┌─ Extracted records

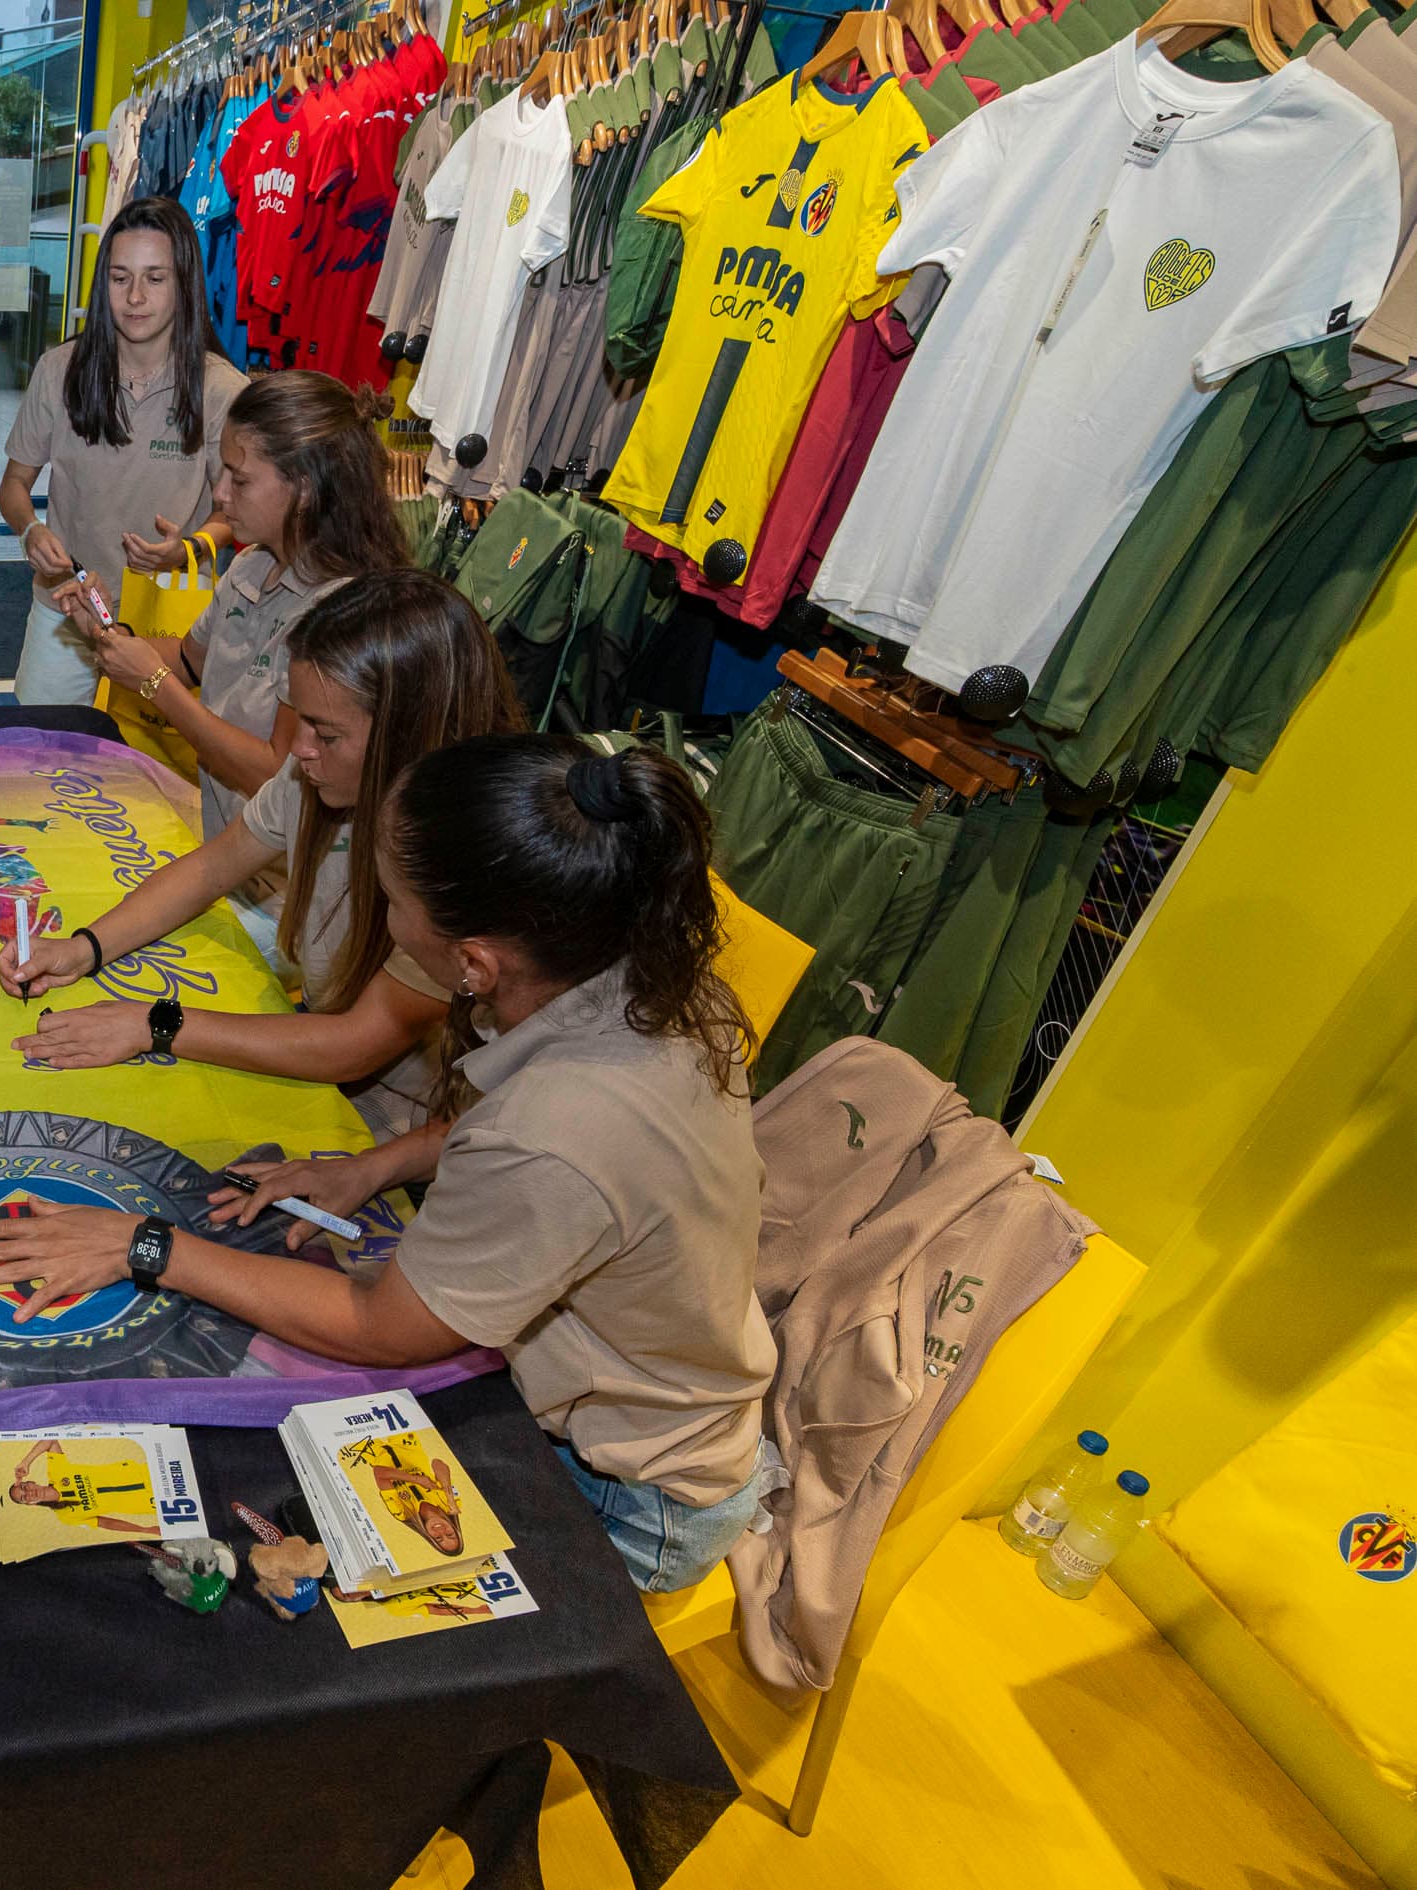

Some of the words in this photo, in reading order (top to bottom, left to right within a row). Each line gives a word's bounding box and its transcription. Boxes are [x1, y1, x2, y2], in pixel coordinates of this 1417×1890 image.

[136, 1241, 162, 1259] 18:38
[344, 1413, 375, 1426] NEREA
[370, 1403, 410, 1431] 14
[170, 1460, 184, 1497] MOREIRA
[159, 1498, 200, 1526] 15
[477, 1570, 522, 1603] 15
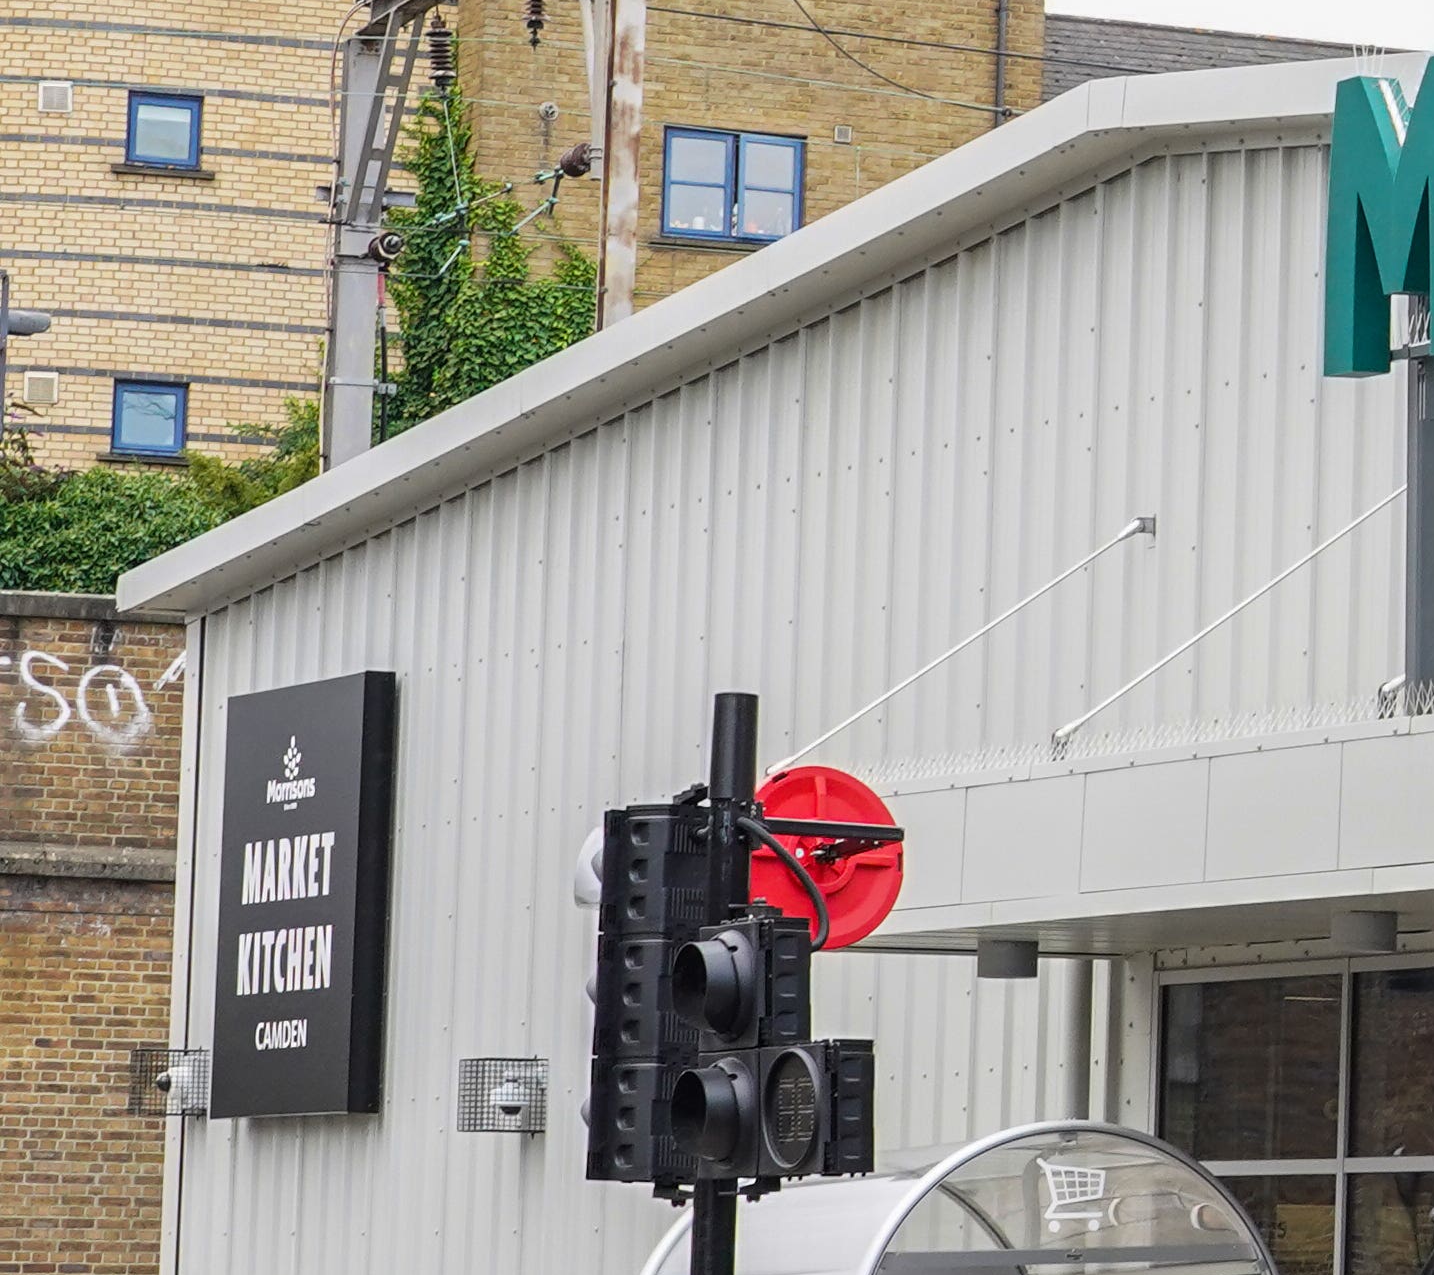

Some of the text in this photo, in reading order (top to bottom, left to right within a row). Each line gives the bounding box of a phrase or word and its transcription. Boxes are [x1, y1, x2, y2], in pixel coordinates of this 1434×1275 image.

[266, 777, 316, 804] Morrisons
[241, 831, 335, 905] MARKET
[236, 924, 333, 996] KITCHEN
[254, 1018, 308, 1051] CAMDEN

└─

▶ **Your assignment**: Go to the line containing "Some of the text" in the listing. Print it and every line through the last one, exactly and with nothing more.

▶ **Result below**:
Some of the text in this photo, in reading order (top to bottom, left to right within a row). Each line gives the bounding box of a phrase or word and its transcription. Boxes are [x1, y1, x2, y2], in pixel coordinates of this 1434×1275 image.

[266, 777, 316, 804] Morrisons
[241, 831, 335, 905] MARKET
[236, 924, 333, 996] KITCHEN
[254, 1018, 308, 1051] CAMDEN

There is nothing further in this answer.